-- Opening Marker --

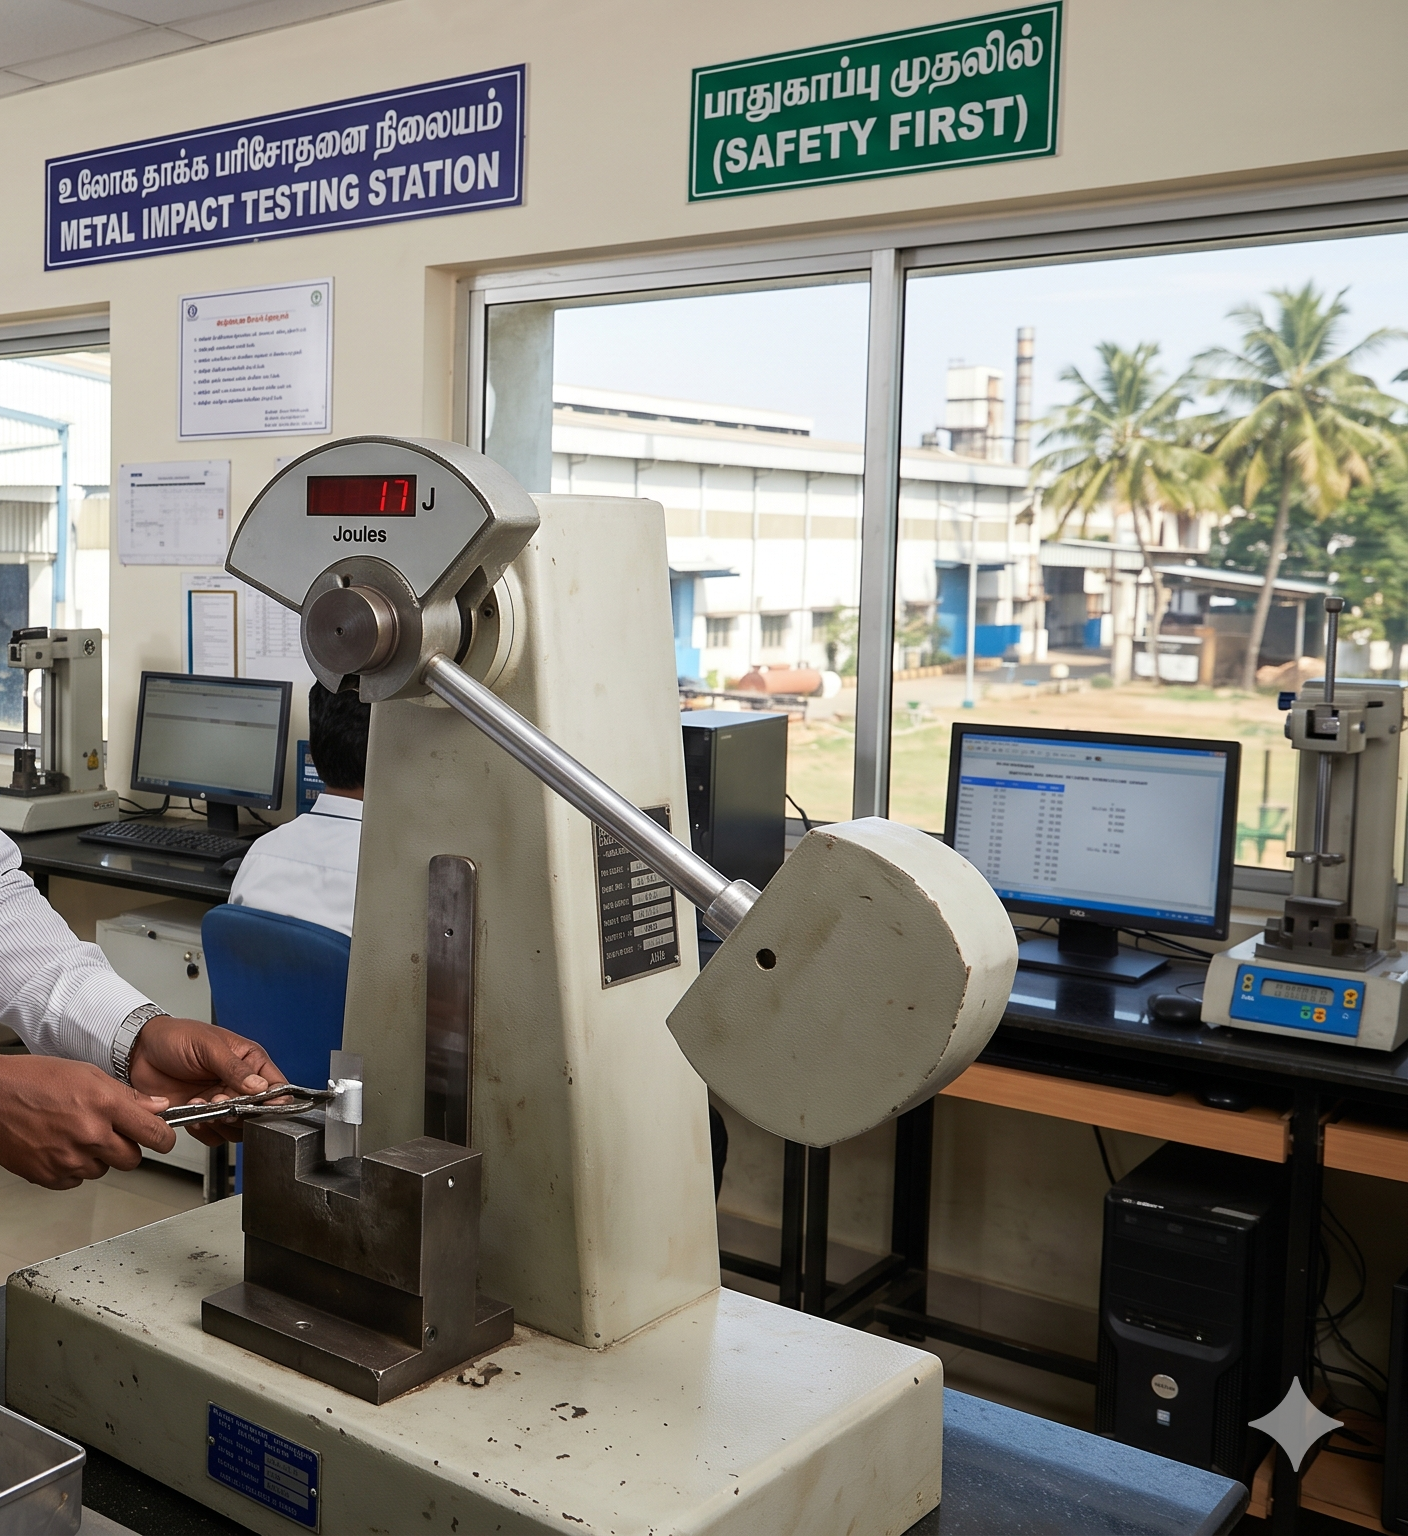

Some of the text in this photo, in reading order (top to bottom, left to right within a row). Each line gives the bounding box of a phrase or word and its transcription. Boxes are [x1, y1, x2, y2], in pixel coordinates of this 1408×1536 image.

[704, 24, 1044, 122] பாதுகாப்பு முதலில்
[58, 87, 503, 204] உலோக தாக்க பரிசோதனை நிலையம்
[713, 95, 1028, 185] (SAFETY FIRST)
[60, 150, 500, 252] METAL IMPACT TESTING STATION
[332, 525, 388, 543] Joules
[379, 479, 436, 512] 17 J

-- Closing Marker --

What you will do:
Your answer must contain the full data, repeated exactly, without pictures.

Your solution:
Some of the text in this photo, in reading order (top to bottom, left to right within a row). Each line gives the bounding box of a phrase or word and its transcription. Boxes are [x1, y1, x2, y2], in pixel coordinates of this 1408×1536 image.

[704, 24, 1044, 122] பாதுகாப்பு முதலில்
[58, 87, 503, 204] உலோக தாக்க பரிசோதனை நிலையம்
[713, 95, 1028, 185] (SAFETY FIRST)
[60, 150, 500, 252] METAL IMPACT TESTING STATION
[332, 525, 388, 543] Joules
[379, 479, 436, 512] 17 J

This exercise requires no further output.